• [THE DATA]
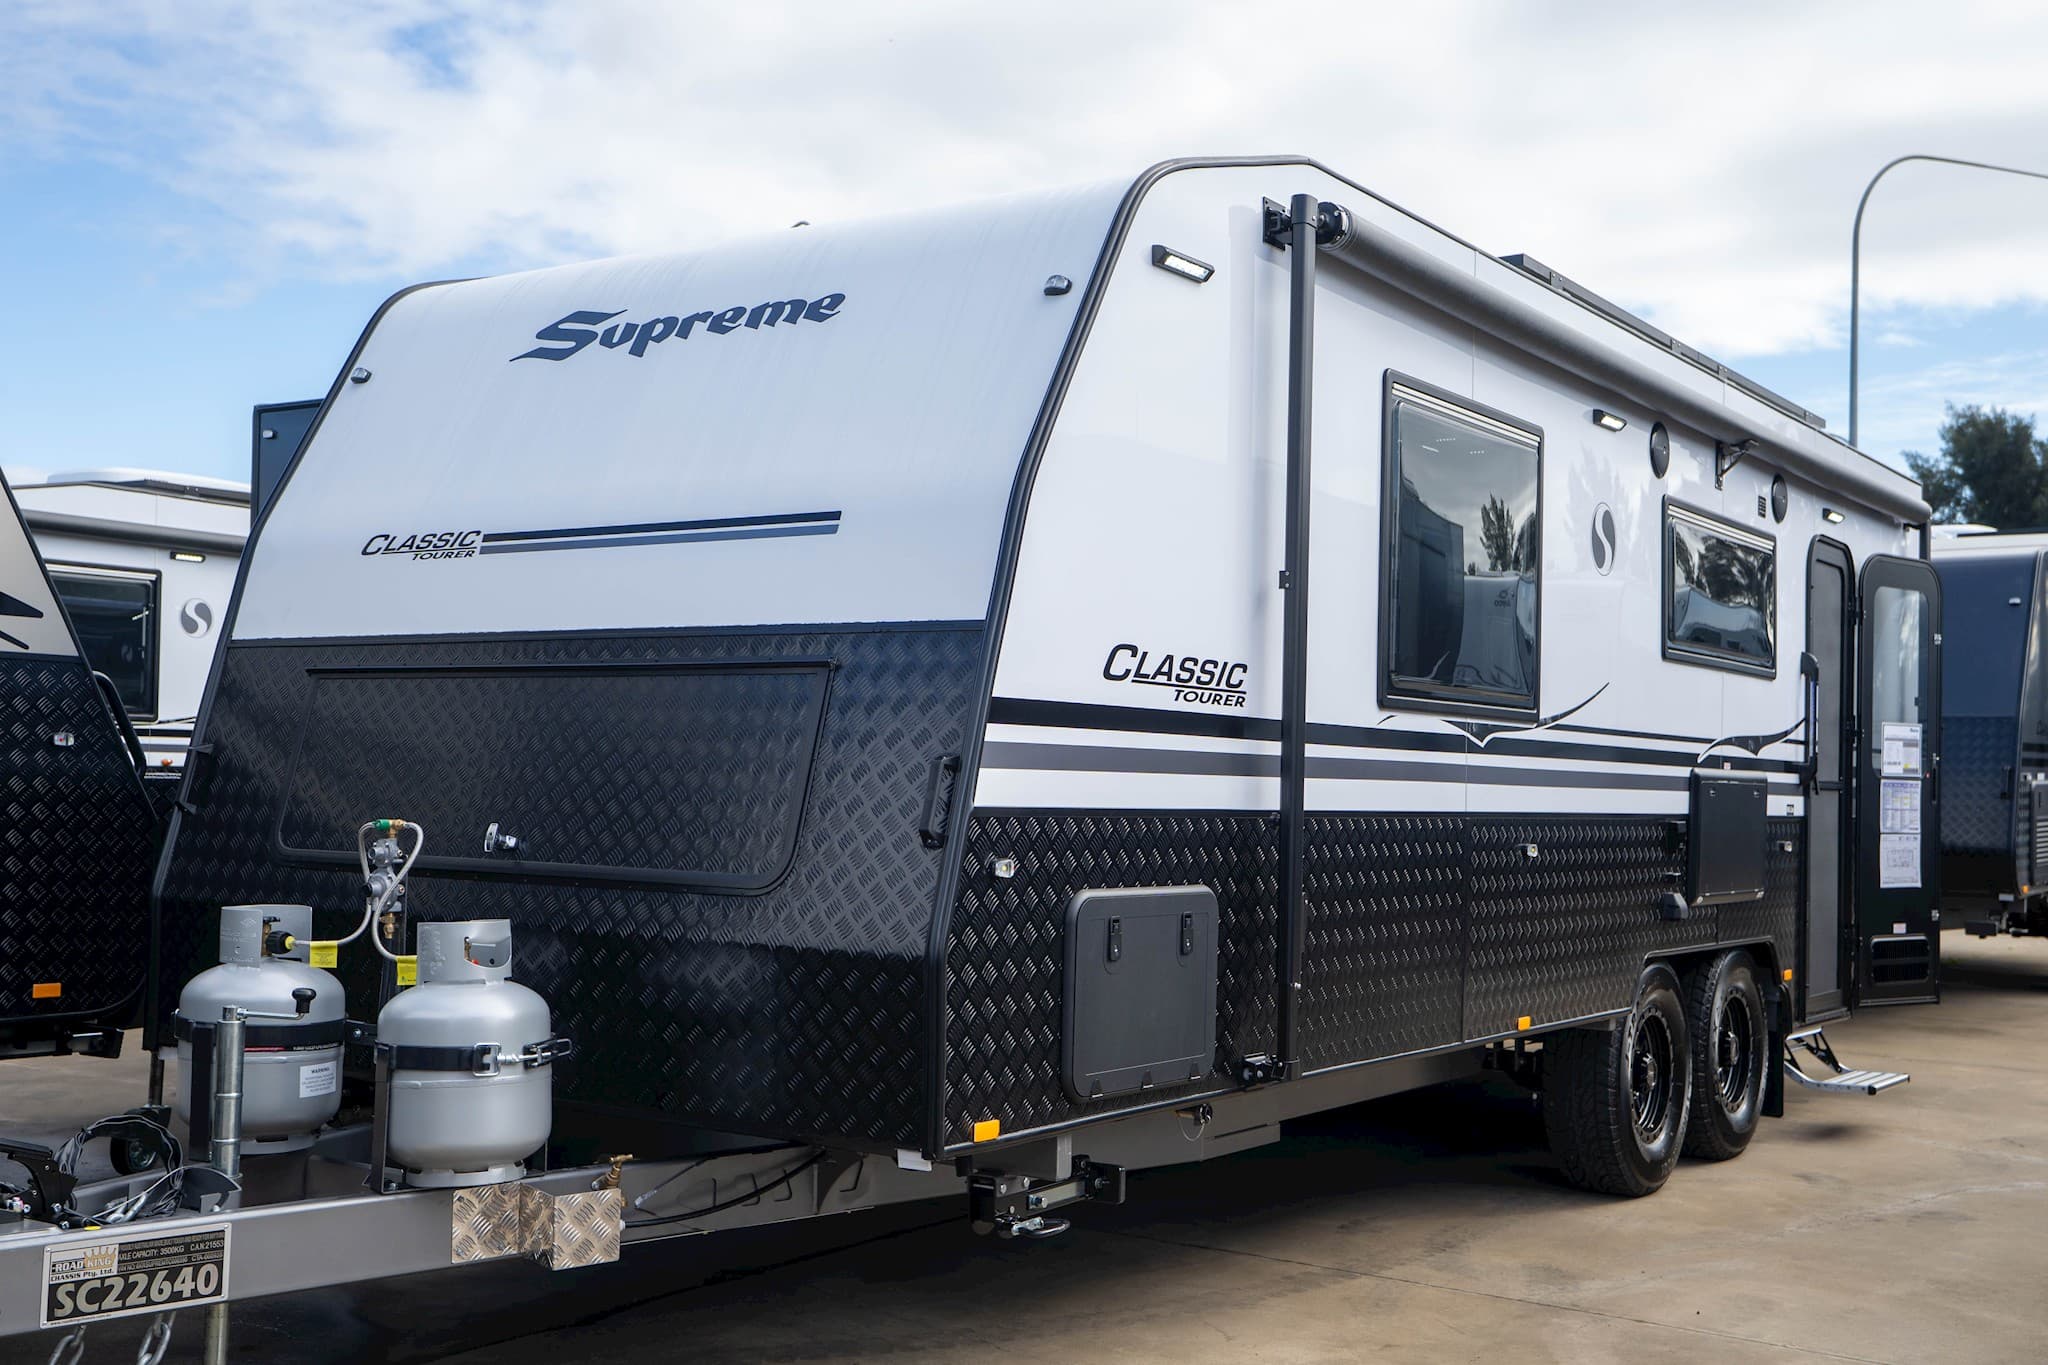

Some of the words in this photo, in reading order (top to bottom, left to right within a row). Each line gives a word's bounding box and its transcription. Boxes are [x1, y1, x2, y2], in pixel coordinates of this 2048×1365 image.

[509, 293, 846, 362] Supreme
[361, 530, 482, 556] CLASSIC
[412, 549, 476, 561] TOURER
[1102, 643, 1249, 689] CLASSIC
[1174, 688, 1247, 708] TOURER
[55, 1260, 84, 1273] ROAD
[87, 1256, 112, 1268] KING
[50, 1272, 81, 1282] CHASSIS
[54, 1262, 220, 1319] SC22640

• [DESCRIPTION OF THE TASK] Restate each entry verbatim and skip every image.

• [THE COMPLETED TASK]
Some of the words in this photo, in reading order (top to bottom, left to right within a row). Each line gives a word's bounding box and its transcription. Boxes are [x1, y1, x2, y2], in pixel coordinates of this 2048×1365 image.

[509, 293, 846, 362] Supreme
[361, 530, 482, 556] CLASSIC
[412, 549, 476, 561] TOURER
[1102, 643, 1249, 689] CLASSIC
[1174, 688, 1247, 708] TOURER
[55, 1260, 84, 1273] ROAD
[87, 1256, 112, 1268] KING
[50, 1272, 81, 1282] CHASSIS
[54, 1262, 220, 1319] SC22640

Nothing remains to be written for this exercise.